→ **TO DO**
Retype the entries below word for word, leaving none out.

→ **Free-text object descriptions**

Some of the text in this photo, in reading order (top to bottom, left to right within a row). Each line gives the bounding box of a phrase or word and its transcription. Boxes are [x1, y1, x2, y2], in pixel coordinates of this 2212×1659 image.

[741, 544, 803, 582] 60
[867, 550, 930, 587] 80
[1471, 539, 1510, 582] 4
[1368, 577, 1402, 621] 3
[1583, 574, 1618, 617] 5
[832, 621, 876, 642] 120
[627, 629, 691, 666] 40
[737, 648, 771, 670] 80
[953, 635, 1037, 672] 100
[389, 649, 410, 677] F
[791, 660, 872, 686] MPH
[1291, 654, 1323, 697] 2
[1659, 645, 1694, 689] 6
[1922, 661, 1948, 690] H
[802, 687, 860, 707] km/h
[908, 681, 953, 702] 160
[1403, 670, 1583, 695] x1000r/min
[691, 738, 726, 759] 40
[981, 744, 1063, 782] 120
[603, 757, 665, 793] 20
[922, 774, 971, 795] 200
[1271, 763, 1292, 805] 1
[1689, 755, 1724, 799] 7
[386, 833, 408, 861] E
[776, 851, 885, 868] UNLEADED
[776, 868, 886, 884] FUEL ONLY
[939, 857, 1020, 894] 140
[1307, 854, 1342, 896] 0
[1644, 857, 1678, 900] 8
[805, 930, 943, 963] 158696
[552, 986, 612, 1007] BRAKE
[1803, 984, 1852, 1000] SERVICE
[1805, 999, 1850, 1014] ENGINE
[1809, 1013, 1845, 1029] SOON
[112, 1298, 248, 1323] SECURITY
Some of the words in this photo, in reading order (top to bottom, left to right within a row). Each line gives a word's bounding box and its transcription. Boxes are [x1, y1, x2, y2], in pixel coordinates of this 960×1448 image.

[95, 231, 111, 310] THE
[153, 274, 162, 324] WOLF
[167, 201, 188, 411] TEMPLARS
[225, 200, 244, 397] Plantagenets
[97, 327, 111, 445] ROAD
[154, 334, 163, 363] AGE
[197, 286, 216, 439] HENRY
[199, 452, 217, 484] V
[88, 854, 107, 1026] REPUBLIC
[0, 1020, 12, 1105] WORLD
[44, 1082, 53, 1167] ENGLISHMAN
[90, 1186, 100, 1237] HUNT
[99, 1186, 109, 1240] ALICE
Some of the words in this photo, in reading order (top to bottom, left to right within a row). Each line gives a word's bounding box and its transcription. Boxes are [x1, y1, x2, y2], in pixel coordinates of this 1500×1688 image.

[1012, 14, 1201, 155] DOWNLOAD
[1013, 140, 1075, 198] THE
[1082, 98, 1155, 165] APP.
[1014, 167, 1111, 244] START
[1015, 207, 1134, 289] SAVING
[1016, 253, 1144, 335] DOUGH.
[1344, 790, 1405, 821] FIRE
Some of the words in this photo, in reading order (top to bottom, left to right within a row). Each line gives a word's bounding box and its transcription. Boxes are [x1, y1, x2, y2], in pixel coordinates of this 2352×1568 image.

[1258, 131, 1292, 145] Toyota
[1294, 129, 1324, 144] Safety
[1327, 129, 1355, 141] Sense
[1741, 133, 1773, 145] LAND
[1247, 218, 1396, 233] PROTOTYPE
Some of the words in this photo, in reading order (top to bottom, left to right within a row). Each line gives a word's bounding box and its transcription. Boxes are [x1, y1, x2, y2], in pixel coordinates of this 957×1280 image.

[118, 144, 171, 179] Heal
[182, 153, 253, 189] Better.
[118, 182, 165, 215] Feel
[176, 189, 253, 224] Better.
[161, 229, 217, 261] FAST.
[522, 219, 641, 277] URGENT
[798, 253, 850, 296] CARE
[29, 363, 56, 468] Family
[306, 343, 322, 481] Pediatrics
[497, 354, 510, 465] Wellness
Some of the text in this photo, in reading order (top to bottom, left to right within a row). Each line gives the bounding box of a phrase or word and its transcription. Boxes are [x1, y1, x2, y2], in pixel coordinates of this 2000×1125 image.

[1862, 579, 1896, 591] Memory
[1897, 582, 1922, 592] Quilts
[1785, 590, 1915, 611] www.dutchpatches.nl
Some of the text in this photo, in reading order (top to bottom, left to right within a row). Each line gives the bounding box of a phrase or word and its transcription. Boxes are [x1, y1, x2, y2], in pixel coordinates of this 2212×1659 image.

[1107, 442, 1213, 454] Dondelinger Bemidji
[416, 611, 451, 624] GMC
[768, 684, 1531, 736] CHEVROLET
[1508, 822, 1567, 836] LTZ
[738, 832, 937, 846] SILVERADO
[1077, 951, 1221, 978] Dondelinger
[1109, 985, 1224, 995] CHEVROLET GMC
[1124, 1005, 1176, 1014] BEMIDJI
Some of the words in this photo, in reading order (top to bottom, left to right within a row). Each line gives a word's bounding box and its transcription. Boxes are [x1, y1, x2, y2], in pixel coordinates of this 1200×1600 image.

→ **PROBLEM SOLUTION**
Some of the text in this photo, in reading order (top to bottom, left to right within a row). Each line gives the bounding box of a phrase or word and its transcription. Boxes are [x1, y1, x2, y2], in pixel coordinates of this 2212×1659 image.

[741, 544, 803, 582] 60
[867, 550, 930, 587] 80
[1471, 539, 1510, 582] 4
[1368, 577, 1402, 621] 3
[1583, 574, 1618, 617] 5
[832, 621, 876, 642] 120
[627, 629, 691, 666] 40
[737, 648, 771, 670] 80
[953, 635, 1037, 672] 100
[389, 649, 410, 677] F
[791, 660, 872, 686] MPH
[1291, 654, 1323, 697] 2
[1659, 645, 1694, 689] 6
[1922, 661, 1948, 690] H
[802, 687, 860, 707] km/h
[908, 681, 953, 702] 160
[1403, 670, 1583, 695] x1000r/min
[691, 738, 726, 759] 40
[981, 744, 1063, 782] 120
[603, 757, 665, 793] 20
[922, 774, 971, 795] 200
[1271, 763, 1292, 805] 1
[1689, 755, 1724, 799] 7
[386, 833, 408, 861] E
[776, 851, 885, 868] UNLEADED
[776, 868, 886, 884] FUEL ONLY
[939, 857, 1020, 894] 140
[1307, 854, 1342, 896] 0
[1644, 857, 1678, 900] 8
[805, 930, 943, 963] 158696
[552, 986, 612, 1007] BRAKE
[1803, 984, 1852, 1000] SERVICE
[1805, 999, 1850, 1014] ENGINE
[1809, 1013, 1845, 1029] SOON
[112, 1298, 248, 1323] SECURITY
Some of the words in this photo, in reading order (top to bottom, left to right within a row). Each line gives a word's bounding box and its transcription. Boxes are [x1, y1, x2, y2], in pixel coordinates of this 960×1448 image.

[95, 231, 111, 310] THE
[153, 274, 162, 324] WOLF
[167, 201, 188, 411] TEMPLARS
[225, 200, 244, 397] Plantagenets
[97, 327, 111, 445] ROAD
[154, 334, 163, 363] AGE
[197, 286, 216, 439] HENRY
[199, 452, 217, 484] V
[88, 854, 107, 1026] REPUBLIC
[0, 1020, 12, 1105] WORLD
[44, 1082, 53, 1167] ENGLISHMAN
[90, 1186, 100, 1237] HUNT
[99, 1186, 109, 1240] ALICE
Some of the words in this photo, in reading order (top to bottom, left to right within a row). Each line gives a word's bounding box and its transcription. Boxes are [x1, y1, x2, y2], in pixel coordinates of this 1500×1688 image.

[1012, 14, 1201, 155] DOWNLOAD
[1013, 140, 1075, 198] THE
[1082, 98, 1155, 165] APP.
[1014, 167, 1111, 244] START
[1015, 207, 1134, 289] SAVING
[1016, 253, 1144, 335] DOUGH.
[1344, 790, 1405, 821] FIRE
Some of the words in this photo, in reading order (top to bottom, left to right within a row). Each line gives a word's bounding box and its transcription. Boxes are [x1, y1, x2, y2], in pixel coordinates of this 2352×1568 image.

[1258, 131, 1292, 145] Toyota
[1294, 129, 1324, 144] Safety
[1327, 129, 1355, 141] Sense
[1741, 133, 1773, 145] LAND
[1247, 218, 1396, 233] PROTOTYPE
Some of the words in this photo, in reading order (top to bottom, left to right within a row). Each line gives a word's bounding box and its transcription. Boxes are [x1, y1, x2, y2], in pixel coordinates of this 957×1280 image.

[118, 144, 171, 179] Heal
[182, 153, 253, 189] Better.
[118, 182, 165, 215] Feel
[176, 189, 253, 224] Better.
[161, 229, 217, 261] FAST.
[522, 219, 641, 277] URGENT
[798, 253, 850, 296] CARE
[29, 363, 56, 468] Family
[306, 343, 322, 481] Pediatrics
[497, 354, 510, 465] Wellness
Some of the text in this photo, in reading order (top to bottom, left to right within a row). Each line gives the bounding box of a phrase or word and its transcription. Boxes are [x1, y1, x2, y2], in pixel coordinates of this 2000×1125 image.

[1862, 579, 1896, 591] Memory
[1897, 582, 1922, 592] Quilts
[1785, 590, 1915, 611] www.dutchpatches.nl
Some of the text in this photo, in reading order (top to bottom, left to right within a row). Each line gives the bounding box of a phrase or word and its transcription. Boxes are [x1, y1, x2, y2], in pixel coordinates of this 2212×1659 image.

[1107, 442, 1213, 454] Dondelinger Bemidji
[416, 611, 451, 624] GMC
[768, 684, 1531, 736] CHEVROLET
[1508, 822, 1567, 836] LTZ
[738, 832, 937, 846] SILVERADO
[1077, 951, 1221, 978] Dondelinger
[1109, 985, 1224, 995] CHEVROLET GMC
[1124, 1005, 1176, 1014] BEMIDJI
Some of the words in this photo, in reading order (top to bottom, left to right within a row). Each line gives a word's bounding box and its transcription. Boxes are [x1, y1, x2, y2], in pixel coordinates of this 1200×1600 image.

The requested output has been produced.